A convicção entrou enfim no espírito público. Moreirinha atribuía o caso a um desconcerto cerebral do médico. O Dr. Luís Batista não deu opinião; parecia-lhe indiferente o casamento da viúva.
Raquel recebeu a notícia sem admiração, mas com mágoa. Esperanças, não as tinha já; o mal que nos não espanta não nos dói contudo menos por isso. Quem lhe deu a notícia foi Meneses, que a recebeu com filosófica resignação. O amor deste tinha-se convertido numa espécie de adoração religiosa. Achava na mulher amada todas as qualidades que podiam seduzir um homem como ele. Havia, além disso, aquele vínculo simpático de duas criaturas que viviam mais da imaginação que da vida prática. A recusa de Lívia não rompera, transformara as cadeias que o prendiam a ela.

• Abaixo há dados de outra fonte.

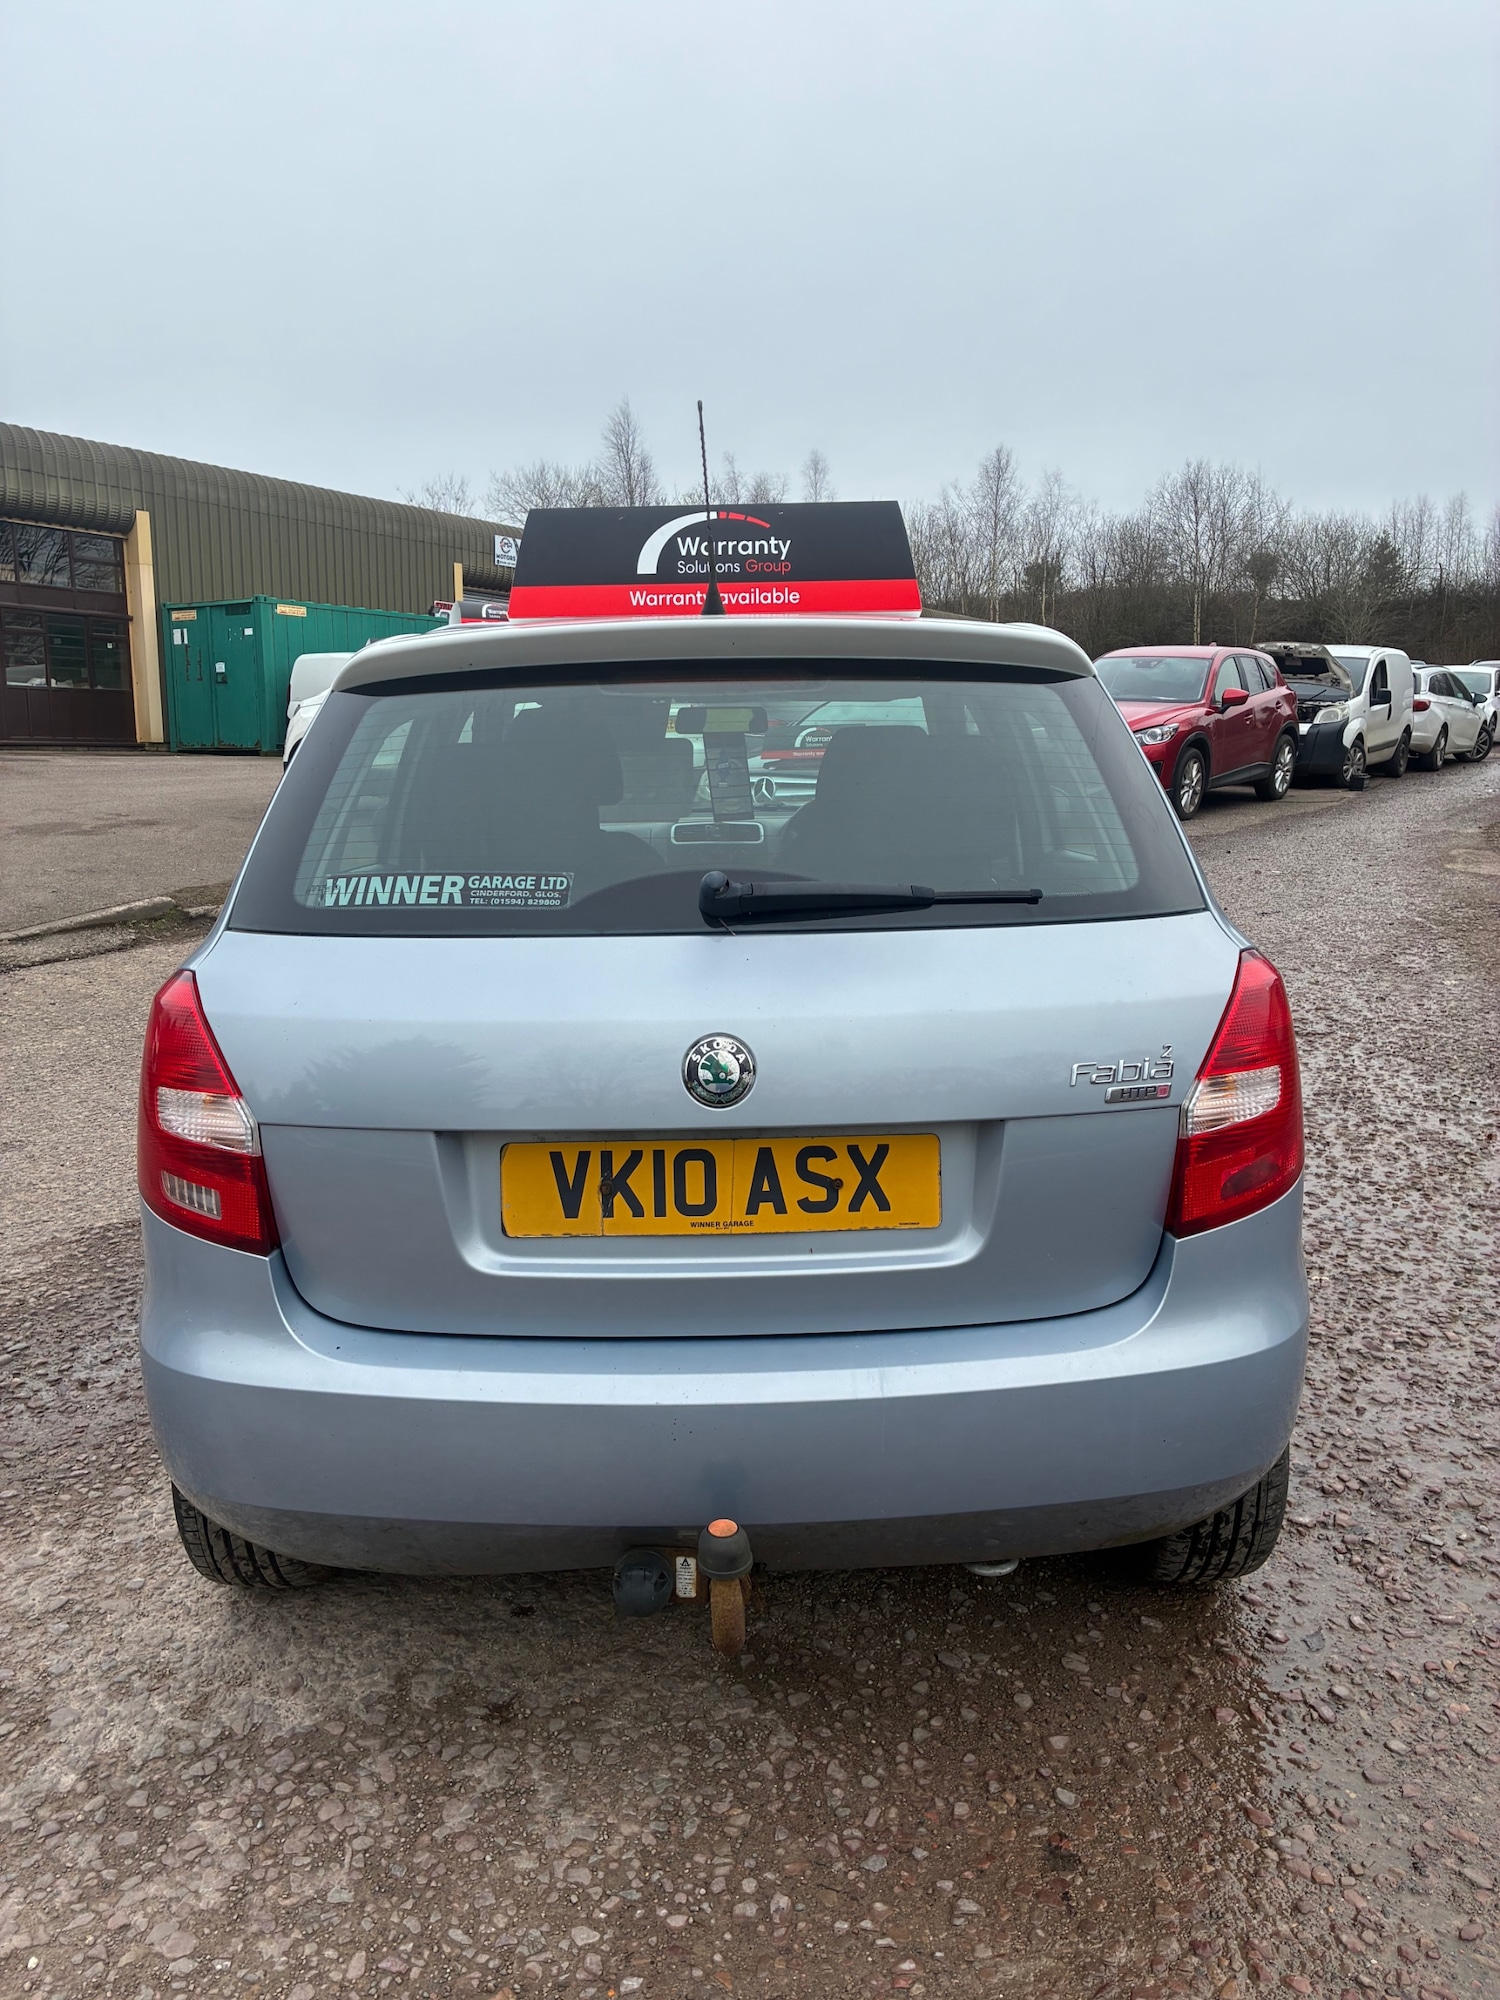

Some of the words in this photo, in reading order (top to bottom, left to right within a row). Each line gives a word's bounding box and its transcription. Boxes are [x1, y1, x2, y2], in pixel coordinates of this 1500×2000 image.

Não acontecia o mesmo a Raquel, e esta circunstância não escapou ao rapaz, que habilmente a interrogou, e adivinhou tudo. Meneses sacudiu lentamente a cabeça, mas não lhe disse palavra. Apenas pensou consigo que, se o acaso ou a Providência houvesse disposto as cousas de outro modo, ambos eles podiam ser felizes.
Meneses repeliu a ideia de fazer confidências à filha do coronel; tanto, porém, lhe falou da viúva, que a outra alguma cousa desconfiou. Sabedores, enfim, do que padeciam interiormente, a comum desventura os vinculou de algum modo. Como as relações eram antes corteses que familiares, nenhum deles falou com a efusão que lhes pedia o sentimento; adivinharam-se, o que era muito, e apiedavam-se um do outro, o que era quase tudo.